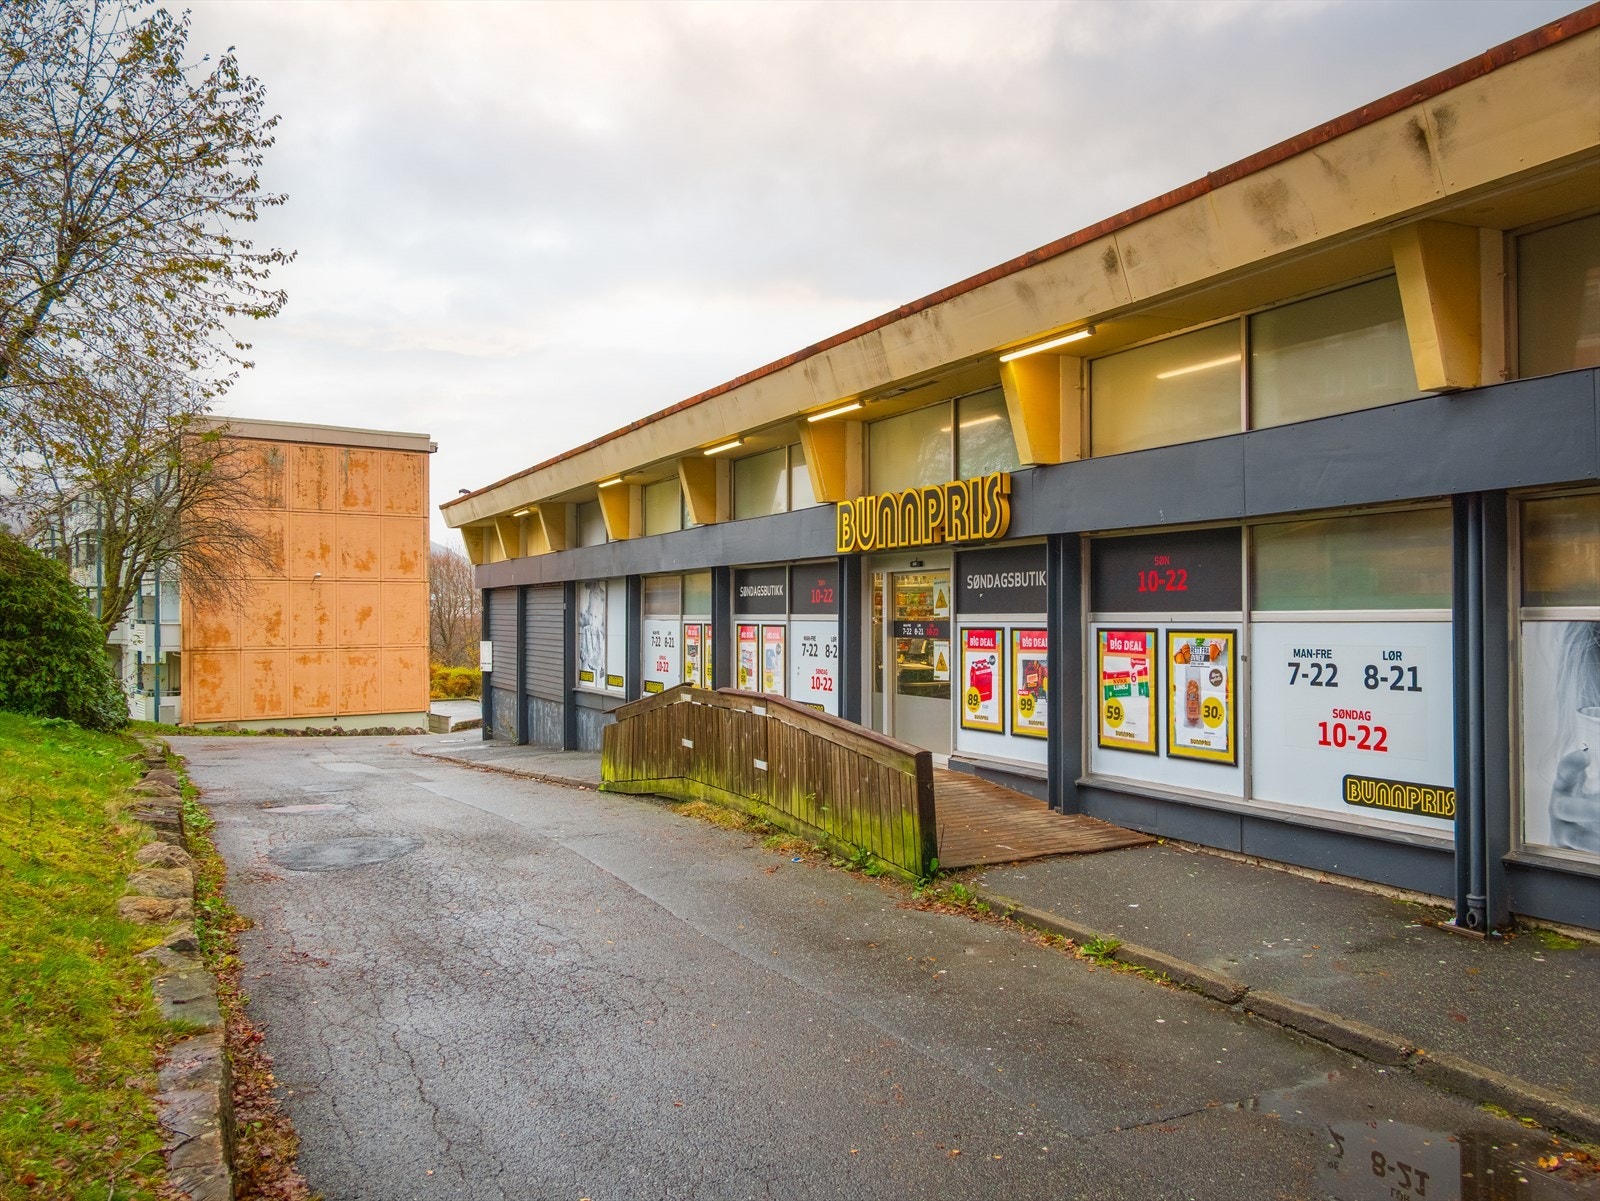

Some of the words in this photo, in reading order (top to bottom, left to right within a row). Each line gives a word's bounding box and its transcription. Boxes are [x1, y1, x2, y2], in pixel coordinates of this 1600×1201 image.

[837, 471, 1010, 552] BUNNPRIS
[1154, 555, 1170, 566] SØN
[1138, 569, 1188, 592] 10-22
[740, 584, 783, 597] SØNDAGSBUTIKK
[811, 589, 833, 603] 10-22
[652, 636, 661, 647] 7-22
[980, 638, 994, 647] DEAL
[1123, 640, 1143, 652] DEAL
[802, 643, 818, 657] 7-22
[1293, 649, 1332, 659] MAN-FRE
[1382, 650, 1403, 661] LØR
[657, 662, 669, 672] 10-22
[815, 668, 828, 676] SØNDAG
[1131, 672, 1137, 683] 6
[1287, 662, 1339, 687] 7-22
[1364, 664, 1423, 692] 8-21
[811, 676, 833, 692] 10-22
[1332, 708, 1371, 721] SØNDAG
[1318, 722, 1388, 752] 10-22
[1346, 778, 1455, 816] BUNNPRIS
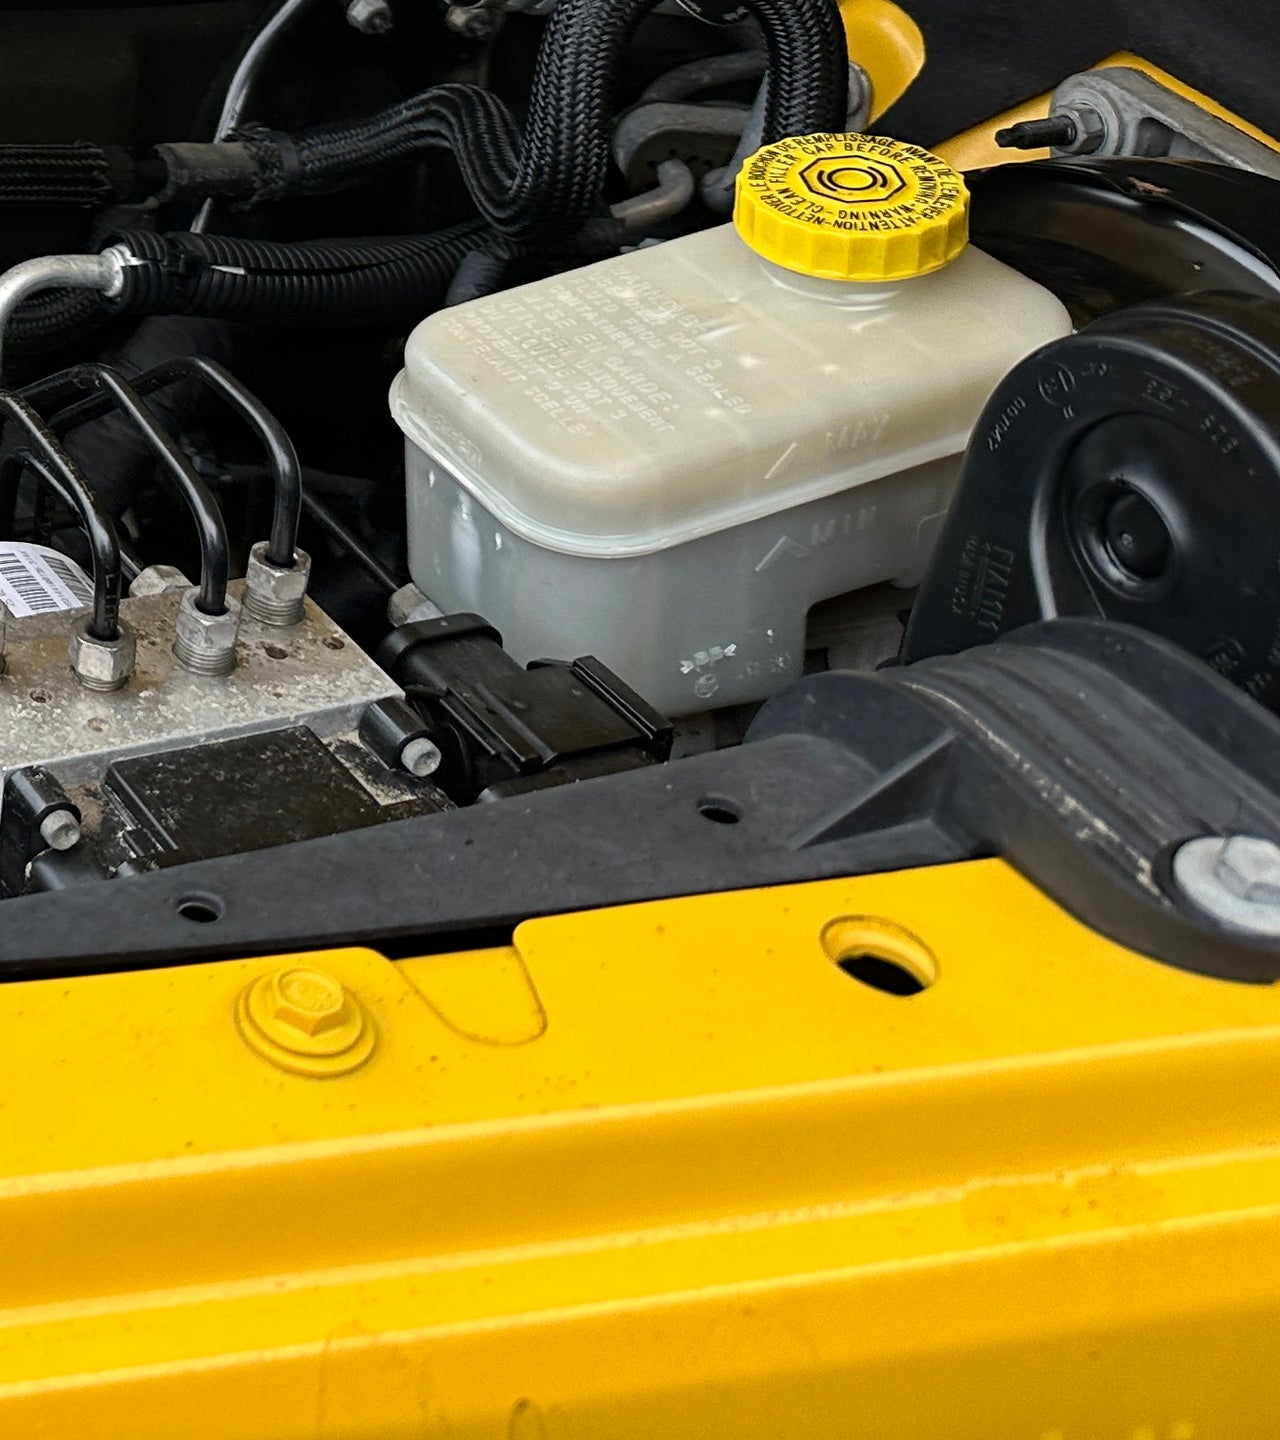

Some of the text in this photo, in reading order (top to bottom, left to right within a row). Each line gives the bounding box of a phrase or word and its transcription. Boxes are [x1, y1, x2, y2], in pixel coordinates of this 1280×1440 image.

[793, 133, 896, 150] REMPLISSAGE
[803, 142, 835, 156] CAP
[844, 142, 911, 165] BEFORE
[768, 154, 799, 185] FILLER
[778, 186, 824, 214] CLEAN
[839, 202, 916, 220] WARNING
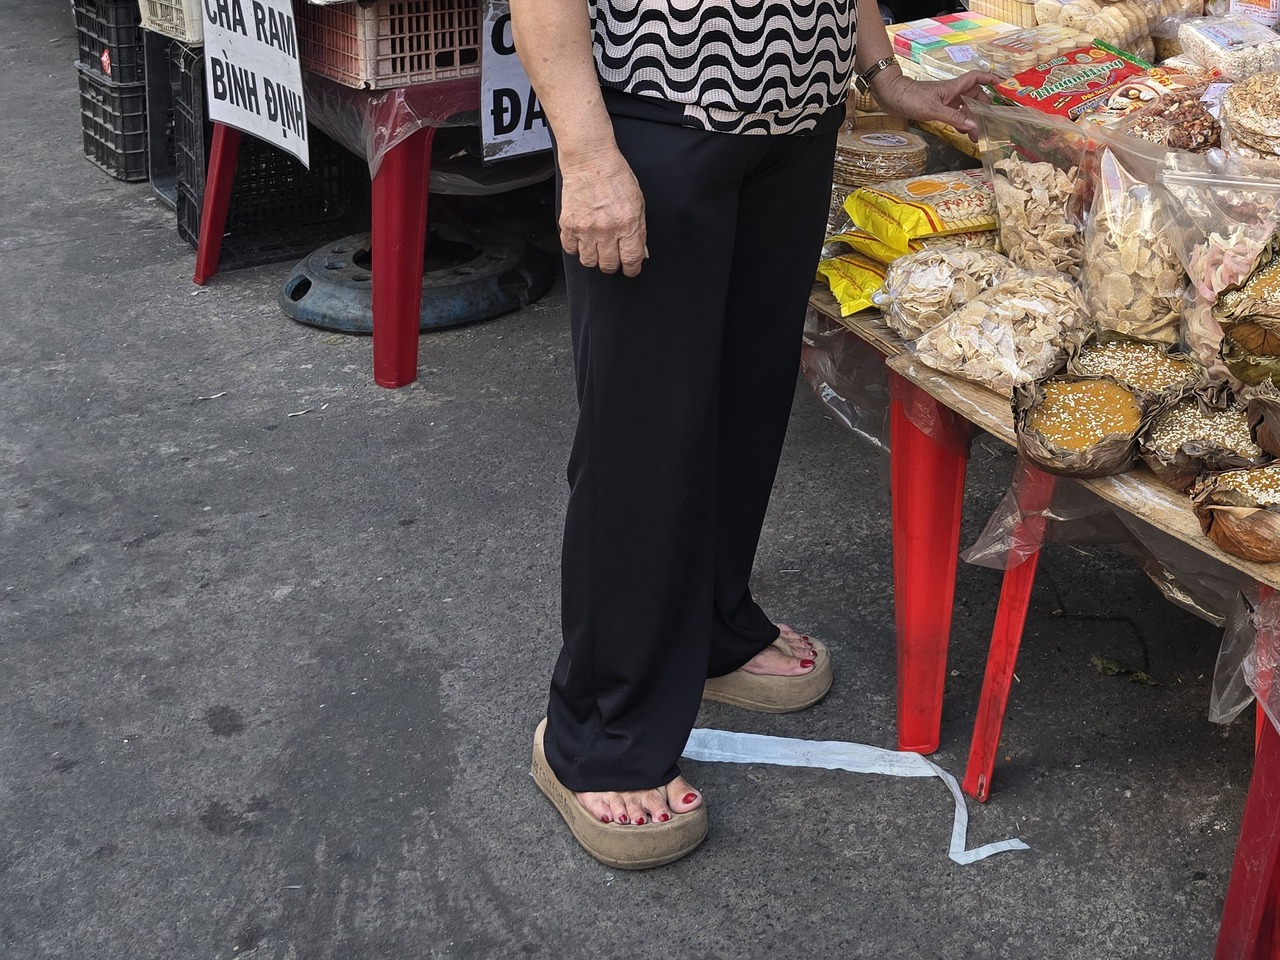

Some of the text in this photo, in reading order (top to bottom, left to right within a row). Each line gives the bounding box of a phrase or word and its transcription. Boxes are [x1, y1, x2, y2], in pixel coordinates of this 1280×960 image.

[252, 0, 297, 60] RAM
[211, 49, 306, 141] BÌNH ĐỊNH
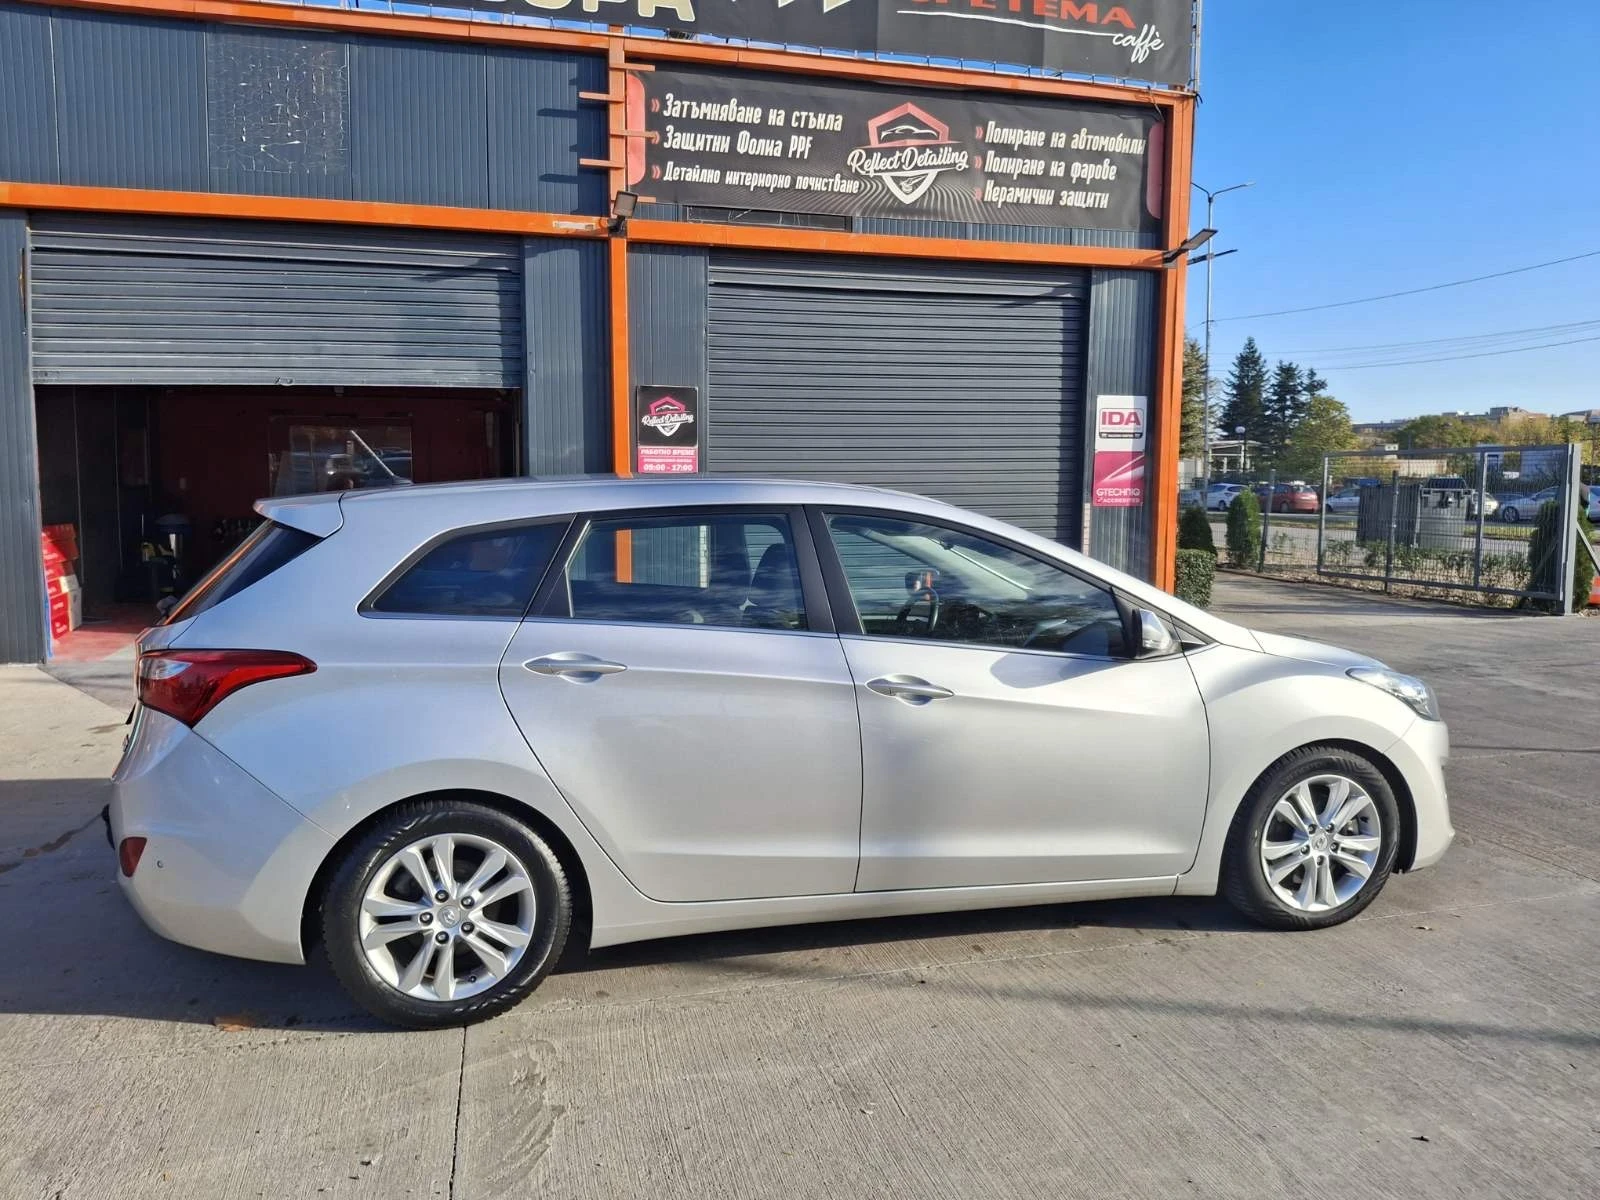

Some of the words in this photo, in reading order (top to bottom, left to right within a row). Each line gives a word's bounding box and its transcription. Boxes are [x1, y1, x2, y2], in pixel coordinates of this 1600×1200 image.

------------------------------------

WHAT IS REQUIRED.
With the pictures left aside, write out all of the records above exactly.

SOLUTION TO THIS PROBLEM.
Some of the words in this photo, in reading order (top to bottom, left to right within a row). Each line gives a word's bounding box and its transcription. Boxes are [x1, y1, x2, y2], in pixel coordinates of this 1600×1201 image.

[837, 471, 1010, 552] BUNNPRIS
[1154, 555, 1170, 566] SØN
[1138, 569, 1188, 592] 10-22
[740, 584, 783, 597] SØNDAGSBUTIKK
[811, 589, 833, 603] 10-22
[652, 636, 661, 647] 7-22
[980, 638, 994, 647] DEAL
[1123, 640, 1143, 652] DEAL
[802, 643, 818, 657] 7-22
[1293, 649, 1332, 659] MAN-FRE
[1382, 650, 1403, 661] LØR
[657, 662, 669, 672] 10-22
[815, 668, 828, 676] SØNDAG
[1131, 672, 1137, 683] 6
[1287, 662, 1339, 687] 7-22
[1364, 664, 1423, 692] 8-21
[811, 676, 833, 692] 10-22
[1332, 708, 1371, 721] SØNDAG
[1318, 722, 1388, 752] 10-22
[1346, 778, 1455, 816] BUNNPRIS

Some of the text in this photo, in reading order (top to bottom, left to right within a row). Each line gives the bounding box of a phrase or word and its transcription. Boxes are [x1, y1, x2, y2], in pixel coordinates of this 1280×1440 image.

[793, 133, 896, 150] REMPLISSAGE
[803, 142, 835, 156] CAP
[844, 142, 911, 165] BEFORE
[768, 154, 799, 185] FILLER
[778, 186, 824, 214] CLEAN
[839, 202, 916, 220] WARNING

Some of the text in this photo, in reading order (top to bottom, left to right within a row). Each line gives the bounding box of a phrase or word and its transcription. Boxes are [x1, y1, x2, y2], in pixel coordinates of this 1280×960 image.

[252, 0, 297, 60] RAM
[211, 49, 306, 141] BÌNH ĐỊNH

Some of the words in this photo, in reading order (top to bottom, left to right within a row). Each line gives a word's bounding box and its transcription. Boxes are [x1, y1, x2, y2], in pixel coordinates of this 1600×1200 image.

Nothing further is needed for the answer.